When feedback is vague or contradictory, creatives second-guess their decisions. They hesitate. They overwork. They keep extra time buffers “just in case.” Over time, confidence drops. Ownership fades. Work becomes safer, not stronger. Creative energy gets spent on managing uncertainty instead of pushing ideas forward. And in an industry already grappling with burnout, unclear feedback adds unnecessary mental load.
Actionable feedback is a shared skill
Clear feedback doesn’t mean controlling creative decisions or dictating every detail. It means being specific enough that someone knows what to do next.
Actionable feedback answers three basic questions:
What exactly needs attention?
Why does it matter?
What outcome are we aiming for?
This applies whether you’re reviewing a video frame, a design layout, or a copy draft. The clearer the feedback, the fewer follow-ups it creates. In 2026, teams that treat feedback as a skill and not an afterthought, will move faster with less friction.
Tools shape behaviour (whether we admit it or not)
The way feedback is delivered is often dictated by the tools teams use. Comments buried in long email threads, messages split across chat apps, or notes detached from the actual work all contribute to confusion.
When feedback lives outside the work, context often gets lost. When it’s disconnected from versions and timelines, decisions get questioned. When it’s scattered, accountability disappears. More teams are starting to realise that feedback problems aren’t just communication issues, they’re workflow issues. How work moves between people matters just as much as the work itself.

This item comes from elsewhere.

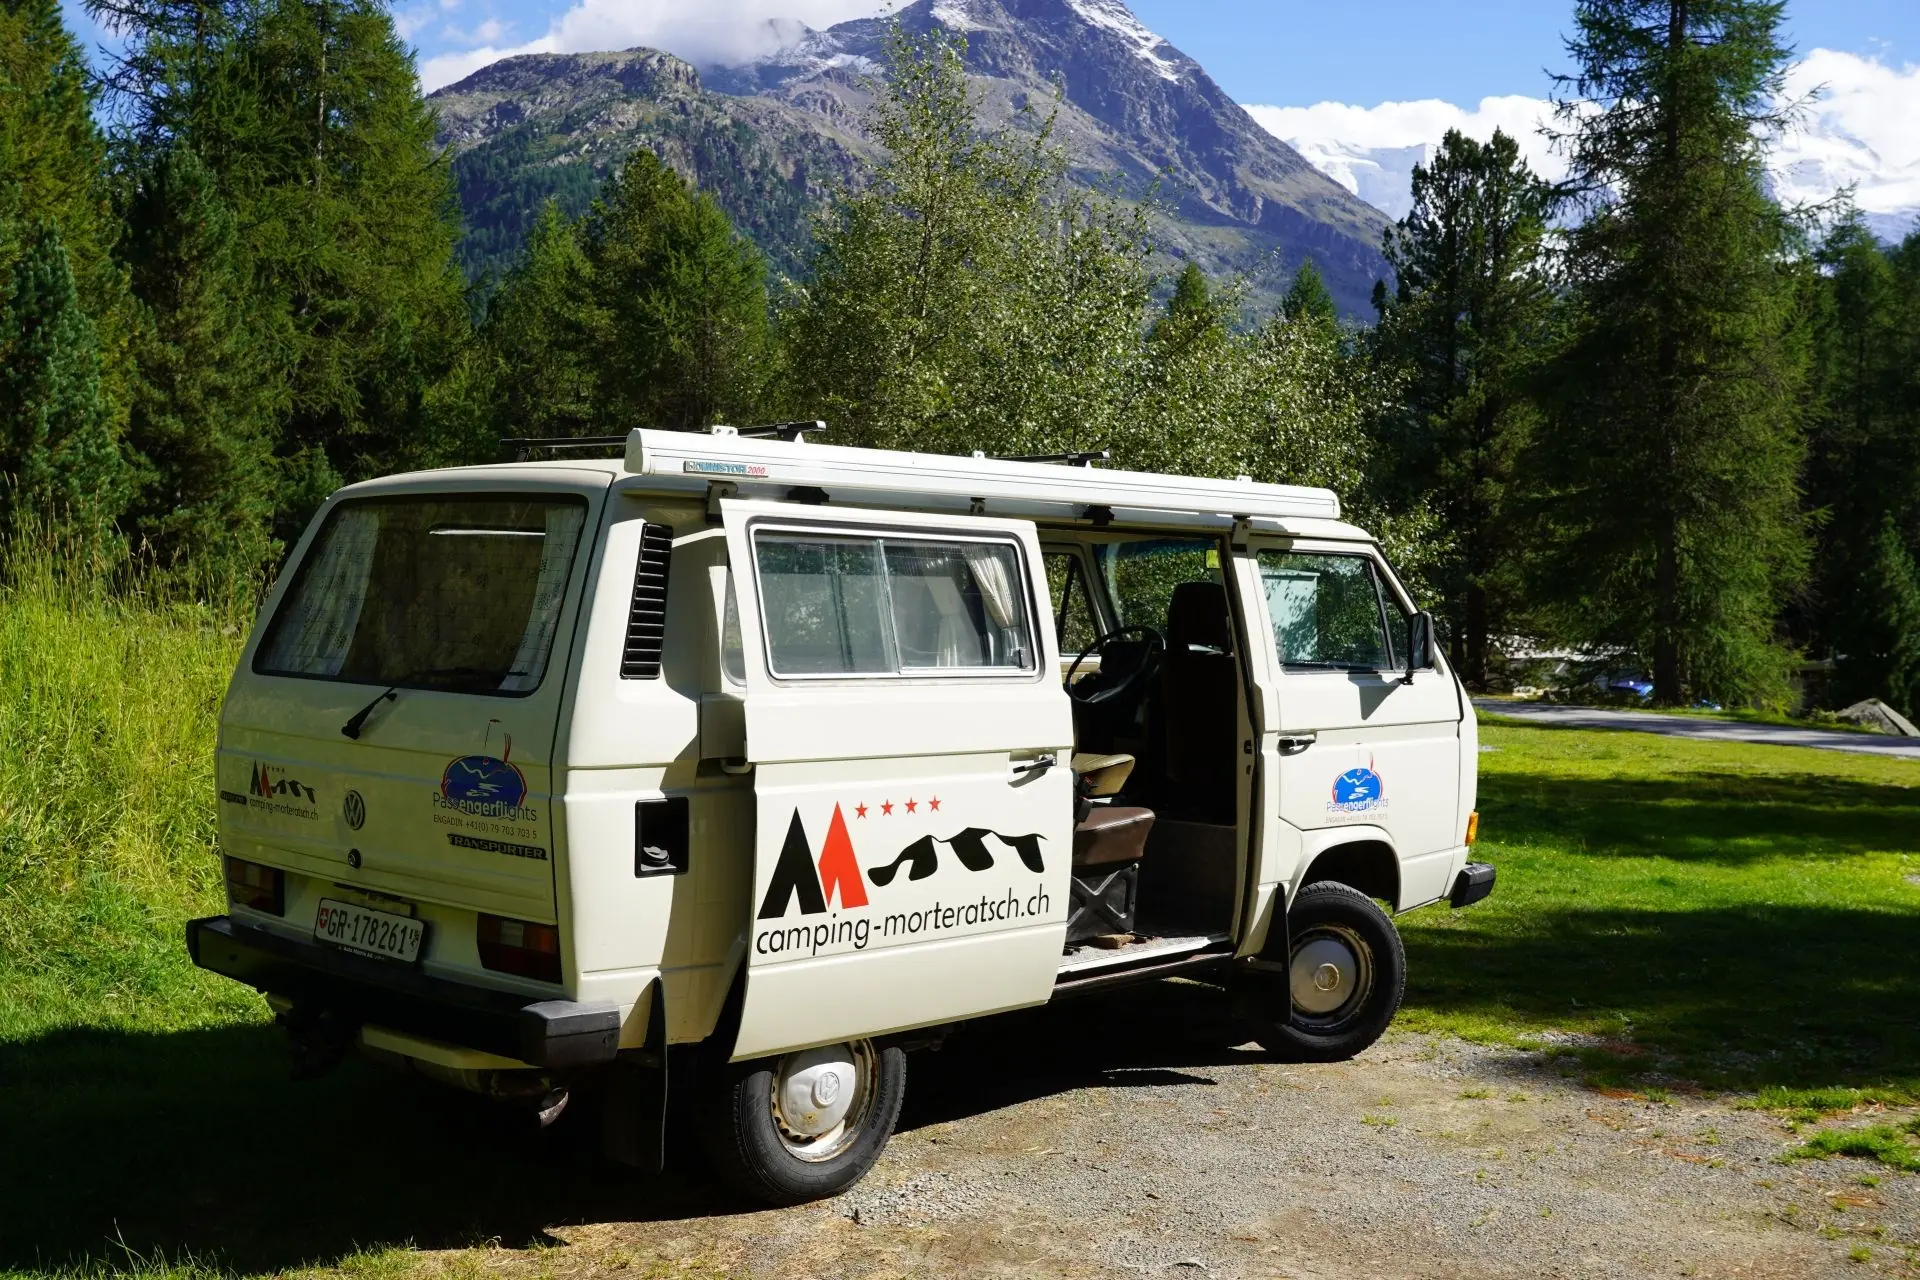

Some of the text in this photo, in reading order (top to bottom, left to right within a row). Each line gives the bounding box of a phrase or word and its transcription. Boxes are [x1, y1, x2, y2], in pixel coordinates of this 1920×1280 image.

From Opinions To Alignment
One of the biggest shifts happening in creative teams is a move away from purely opinion-driven feedback. Instead of “I like this” or “I don’t,” teams are asking better questions:
● Does this meet the brief?
● Does this solve the problem?
● Does this align with the goal?
This change reduces unnecessary back-and-forth and helps feedback feel less personal and more productive. It also makes decisions easier to explain and defend. As creative work becomes more strategic, feedback has to support that shift.
2026 Is About Fewer Loops, Not Faster Loops
There’s a misconception that speed means moving through feedback cycles faster. In reality, the most creative teams aren’t just accelerating loops, they’re reducing them. Clear, actionable feedback upfront leads to fewer revisions later. Clear approval stages prevent last-minute surprises. Clear decisions stop work from circling endlessly.

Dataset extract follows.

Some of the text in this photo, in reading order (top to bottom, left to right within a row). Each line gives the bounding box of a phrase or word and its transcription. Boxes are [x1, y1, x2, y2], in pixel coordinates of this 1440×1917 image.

In 2026, efficiency won’t come from working harder or longer. It will come from designing workflows that respect creative time and attention.
Ending guesswork is a mindset change
Ultimately, ending creative guesswork isn’t just about better tools or processes. It’s about mindset. It’s about recognising that clarity is an act of respect – for the work, for the people doing it, for the time invested and for the mindspace used. It’s about moving from “figure it out” to “here’s what we’re aiming for.”
Creative teams that embrace this shift will find themselves not only delivering faster, but also enjoying the process more. And in an industry built on imagination, that might be the most valuable outcome of all.